Zoom and other video conferencing tools have become familiar in the post-covid scenario. But platforms like Camp K12 are taking that to another level to provide the interactivity required for personalized guidance to children, with a mix of A/V streaming, coding editors, doc and screen sharing. The pedagogy is also evolving to emphasize learning by doing.
“We’ve built a virtual classroom which can be customized for both one-on-one teaching and group experiences,” he says. “It allows us to teach on mobile as well as web. Coding on mobile is different because you can’t have a text editor or keyboard. You have to drag-and-drop. Zoom doesn’t have such features and isn’t built for education. That’s where product vision allows for differentiated pedagogy and becomes a source of competitive advantage,” says Bhagi, alluding to the rush among top-funded edtech companies to launch coding classes for children.

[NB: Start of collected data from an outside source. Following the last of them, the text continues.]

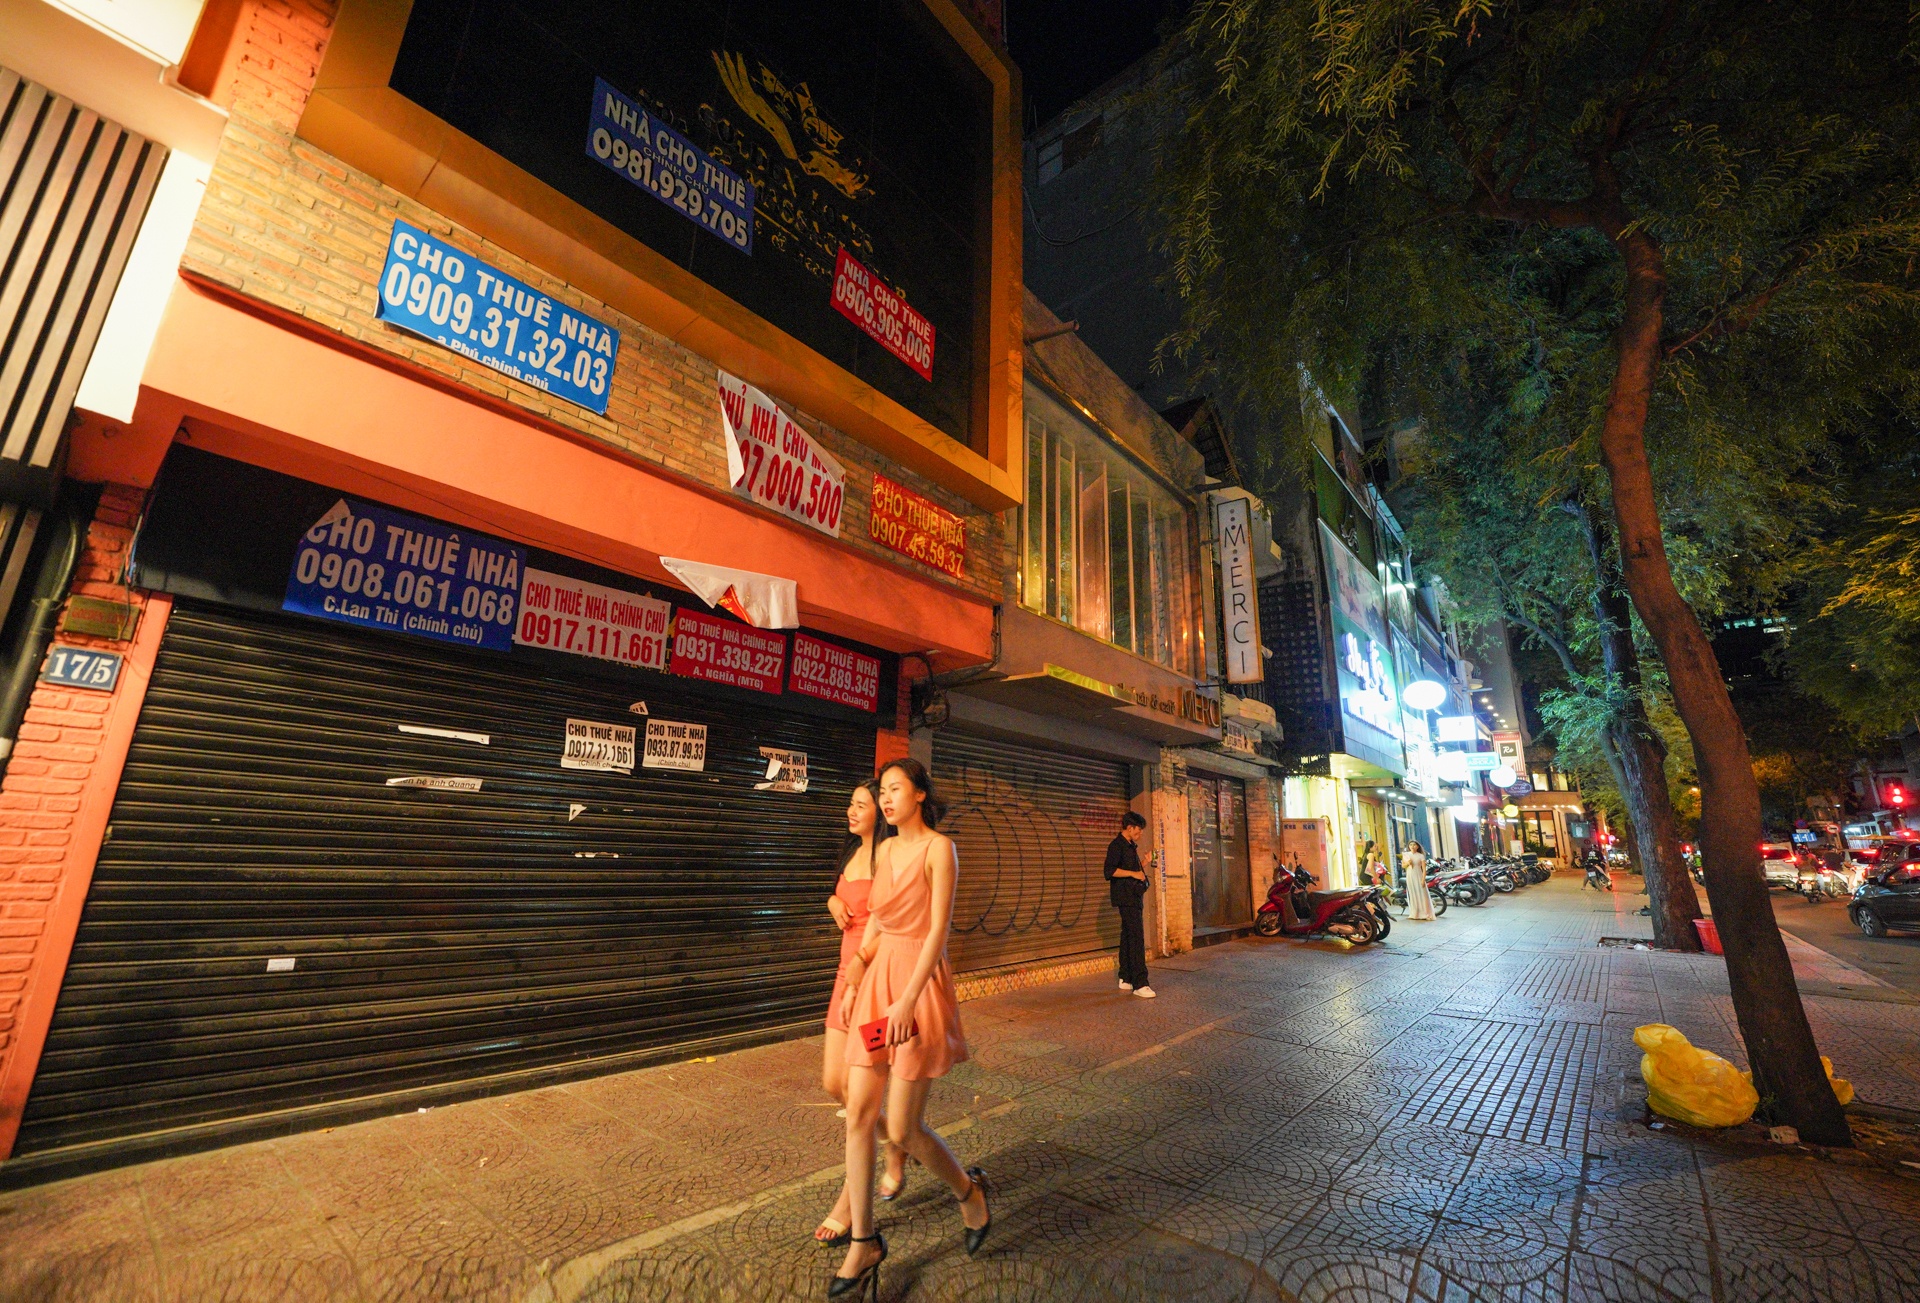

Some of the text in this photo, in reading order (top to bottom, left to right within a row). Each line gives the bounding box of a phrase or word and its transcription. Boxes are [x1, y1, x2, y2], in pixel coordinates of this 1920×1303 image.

[604, 93, 651, 146] NHÀ
[656, 131, 697, 174] CHO
[702, 159, 746, 208] THUÊ
[643, 147, 682, 177] CHÍNH
[592, 127, 749, 248] 0981.929.705
[393, 232, 612, 358] CHO THUÊ NHÀ
[843, 258, 870, 293] NHÀ
[874, 284, 899, 315] CHO
[902, 305, 931, 343] THUÊ
[384, 262, 609, 396] 0909.31.32.03
[835, 274, 931, 369] 0906.905.006
[450, 338, 480, 361] Phú
[482, 355, 522, 379] chính
[524, 373, 549, 391] chủ
[750, 403, 779, 448] NHÀ
[874, 483, 903, 518] CHO
[906, 499, 939, 536] THUÊ
[306, 515, 519, 591] CHO THUÊ NHÀ
[871, 513, 964, 578] 0907.43.59.37
[296, 547, 514, 626] 0908.061.068
[525, 581, 667, 634] CHO THUÊ NHÀ CHÍNH CHỦ
[1224, 523, 1250, 674] MERCI
[323, 595, 483, 644] C.Lan Thi (chính chủ)
[521, 611, 663, 666] 0917.111.661
[678, 616, 783, 655] CHO THUÊ NHÀ CHÍNH CHỦ
[49, 652, 115, 684] 17/5
[675, 634, 783, 678] 0931.339.227
[692, 665, 764, 691] A. NGHĨA (MTG)
[793, 655, 877, 698] 0922.889.345
[795, 638, 878, 678] CHO THUÊ NHÀ
[797, 679, 870, 710] Liên hệ A Quang
[568, 723, 633, 744] CHO THUÊ NHÀ
[646, 738, 704, 761] 0933.87.99.33
[648, 723, 705, 741] CHO THUÊ NHÀ
[448, 780, 476, 789] Quang

Personalization also offers huge scope for differentiated value propositions. Camp K12 has counsellors to understand a child’s interest and recommend a learning path. “Some kids will do more visual gamified stuff; others will do mathematical algorithmic stuff. We’re creating a new playbook.”
The promise of personalized learning has been around since the advent of MOOCs (massive open online courses) such as Coursera, Udacity and edX. But low retention rates have belied the hype. Instead, startups like Camp K12 are building managed platforms, where they create the curriculum, onboard and train teachers, and create personalized user experiences in live classes.
Next-gen learning
Bhagi calls it the school of the future, because coding is only the start—the same methodology can be applied to any STEM subject. “K12 education is broken across the globe. I don’t think we teach the right skills, and I don’t think we teach them in the right way.”
Language learning apps like Duolingo from the US and adaptive tutoring like Squirrel AI of China have brought artificial intelligence to identify learning gaps. But the likes of Camp K12 are creating a model where an abundance of potential human teachers in India can play a part in the transition to 21st century learning.
“It won’t be just a platform where you take a coding course. It’s a platform where you learn, play, socialize, compete, collaborate, things you do in a real school, and maybe some things you don’t do in a real school today,” says Bhagi. For him, it’s one of the biggest global problems to solve where India can take the lead.